The closest we have come in recent years to an old-fashioned dust-up was when American novelist Richard Ford responded to a foul review from fellow writer Colson Whitehead by allegedly spitting on him at a party. Afterwards Whitehead said: “I would like to warn the many other people who panned the book that they might want to get a rain poncho, in case of inclement weather.”

So if one was to seek out the current state of the literary feud, the pickings would be rather weak, with fights breaking out not in TV show green rooms or in Russian woodland, but on the internet. In 2009, the urbane philosopher Alain de Botton found himself unable to apply the wisdom of the stoic philosophers and just accept Caleb Crain’s foul review of his latest book, The Pleasures and Sorrows of Work, in the New York Times. Instead, in a paroxysm of rage, he went to the critic’s website and left a long, bile-filled rant, which concluded: “I will hate you till the day I die and wish you nothing but ill-will in every career move you make.”

A rash move, perhaps, and one de Botton said he later regretted and for which he apologised via Twitter – but at least he had the honesty to put his name to his thoughts.
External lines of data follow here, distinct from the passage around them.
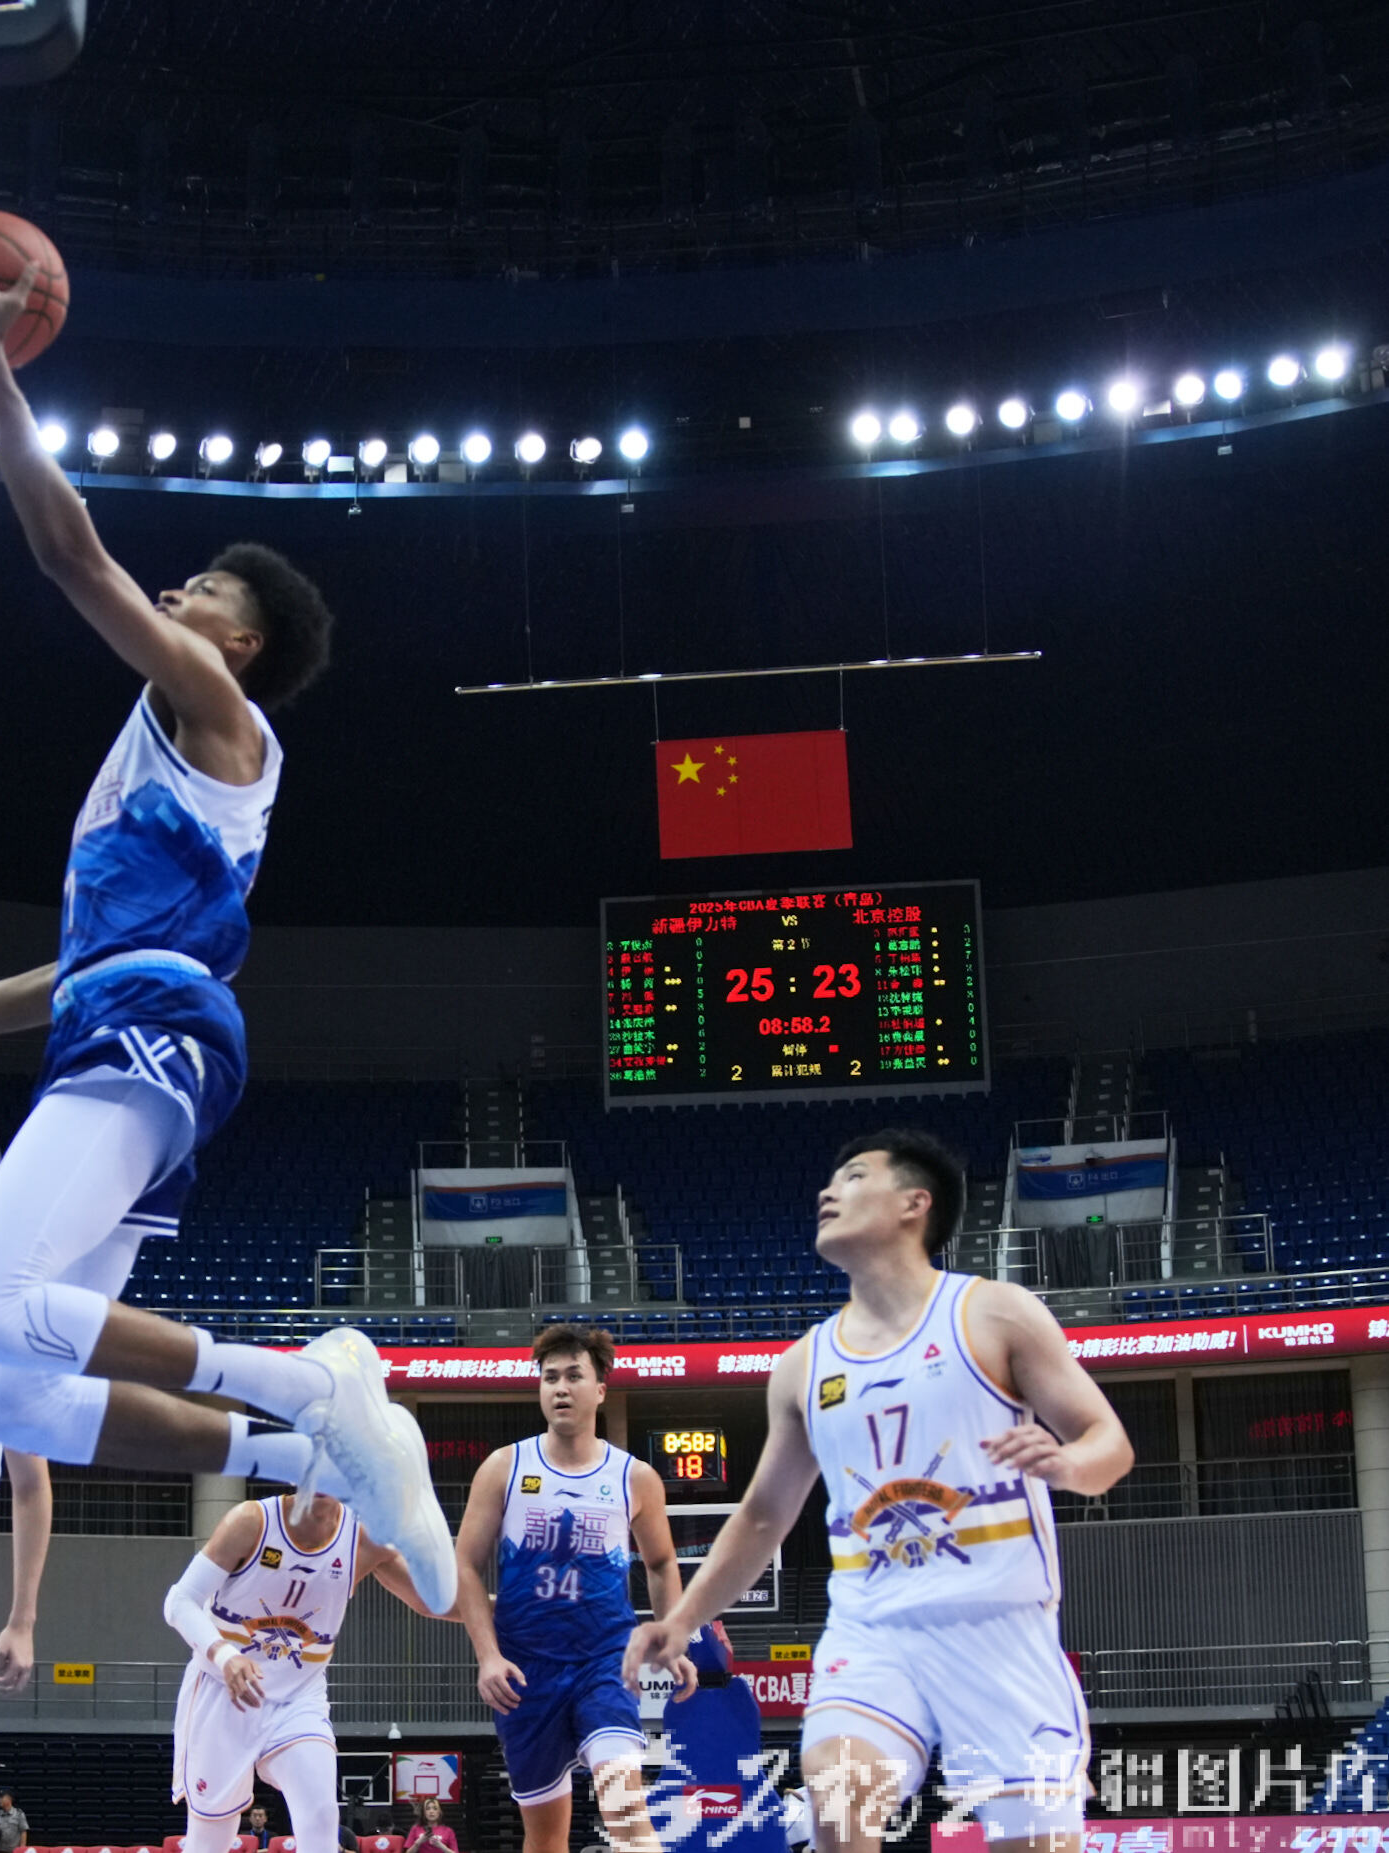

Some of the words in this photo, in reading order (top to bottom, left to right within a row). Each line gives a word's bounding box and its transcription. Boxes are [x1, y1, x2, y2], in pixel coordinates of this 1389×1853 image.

[651, 915, 738, 935] 新疆伊力特
[781, 915, 798, 927] VS
[852, 906, 923, 925] 北京控股
[725, 967, 775, 1003] 25
[812, 963, 861, 999] 23
[759, 1015, 831, 1036] 08:58.2
[731, 1064, 743, 1081] 2
[771, 1063, 822, 1077] 累计犯规
[849, 1060, 862, 1076] 2
[1258, 1322, 1335, 1340] KUMHO
[613, 1356, 686, 1369] KUMHO
[867, 1403, 909, 1471] 17
[676, 1454, 703, 1479] 18
[523, 1506, 610, 1556] 新疆
[282, 1579, 307, 1609] 11
[534, 1565, 580, 1603] 34
Yet such honest antagonism, however brief, is becoming rarer as writers go undercover and indulge in “sock puppetry” – the act of leaving anonymous barbed reviews on the works of competitors while delivering bouquets to their own tomes. The practice came to light most publicly when Orlando Figes, a history professor at Birkbeck College, London, and author of works including Natasha’s Dance and A People’s Tragedy, left a number of anonymous reviews damning the work of foes as “disappointing” and “dull” while praising his own work as “beautiful and necessary” and, most toe-curlingly of all, writing: “I hope he writes for ever.” (What was particularly curious was that Figes was by far the more lauded and successful author.)
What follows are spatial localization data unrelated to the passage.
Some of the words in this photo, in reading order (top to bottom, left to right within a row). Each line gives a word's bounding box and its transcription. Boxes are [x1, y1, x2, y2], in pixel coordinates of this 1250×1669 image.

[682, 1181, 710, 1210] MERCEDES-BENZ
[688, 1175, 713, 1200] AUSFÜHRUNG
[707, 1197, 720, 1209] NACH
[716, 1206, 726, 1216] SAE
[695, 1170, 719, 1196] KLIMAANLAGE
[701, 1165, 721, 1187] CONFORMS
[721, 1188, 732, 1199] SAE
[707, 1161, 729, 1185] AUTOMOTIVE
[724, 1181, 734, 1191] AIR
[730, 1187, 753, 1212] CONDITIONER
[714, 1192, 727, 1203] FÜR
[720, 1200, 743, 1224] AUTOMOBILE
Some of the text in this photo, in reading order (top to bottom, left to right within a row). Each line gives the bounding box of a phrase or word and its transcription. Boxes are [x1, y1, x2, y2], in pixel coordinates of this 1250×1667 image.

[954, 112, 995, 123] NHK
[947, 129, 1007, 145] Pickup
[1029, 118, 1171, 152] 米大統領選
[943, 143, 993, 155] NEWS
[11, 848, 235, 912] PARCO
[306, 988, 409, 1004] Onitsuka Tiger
If you were to present an award for the most cunning success in a literary feud, it would have to go to art historian and writer Bevis Hillier, who found himself going head to head with AN Wilson when both were writing biographies of poet John Betjemen. In a breathtaking move of literary audacity, Hillier forged a spoof love letter in Betjemen’s name and saw that it reached the hands of his foe. Wilson was delighted by his new discovery and promptly included it in his finished work, only – after publication – to discover that he had been fooled and that the first letter of each sentence in the forged letter together spelt: “AN Wilson is a shit.”
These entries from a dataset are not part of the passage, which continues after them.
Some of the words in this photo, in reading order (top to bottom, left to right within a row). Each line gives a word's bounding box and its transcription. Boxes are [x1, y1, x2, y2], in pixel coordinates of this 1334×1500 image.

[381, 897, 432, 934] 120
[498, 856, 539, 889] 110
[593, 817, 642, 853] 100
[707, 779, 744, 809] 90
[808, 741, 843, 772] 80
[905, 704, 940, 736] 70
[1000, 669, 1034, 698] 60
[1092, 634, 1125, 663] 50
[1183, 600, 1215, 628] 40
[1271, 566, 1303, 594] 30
But is the literary feud different from any other aggressive state of estrangement? Well, it can be argued that authors view their work as akin to children, given the effort and labour that goes in to their creation and so will not take kindly to another “parent” pointing out how ugly and malformed their “bonnie babe” is .

Still, to judge by this week’s cessation of hostilities between Le Carré and Rushdie, it seems that literature has grown up. What a pity.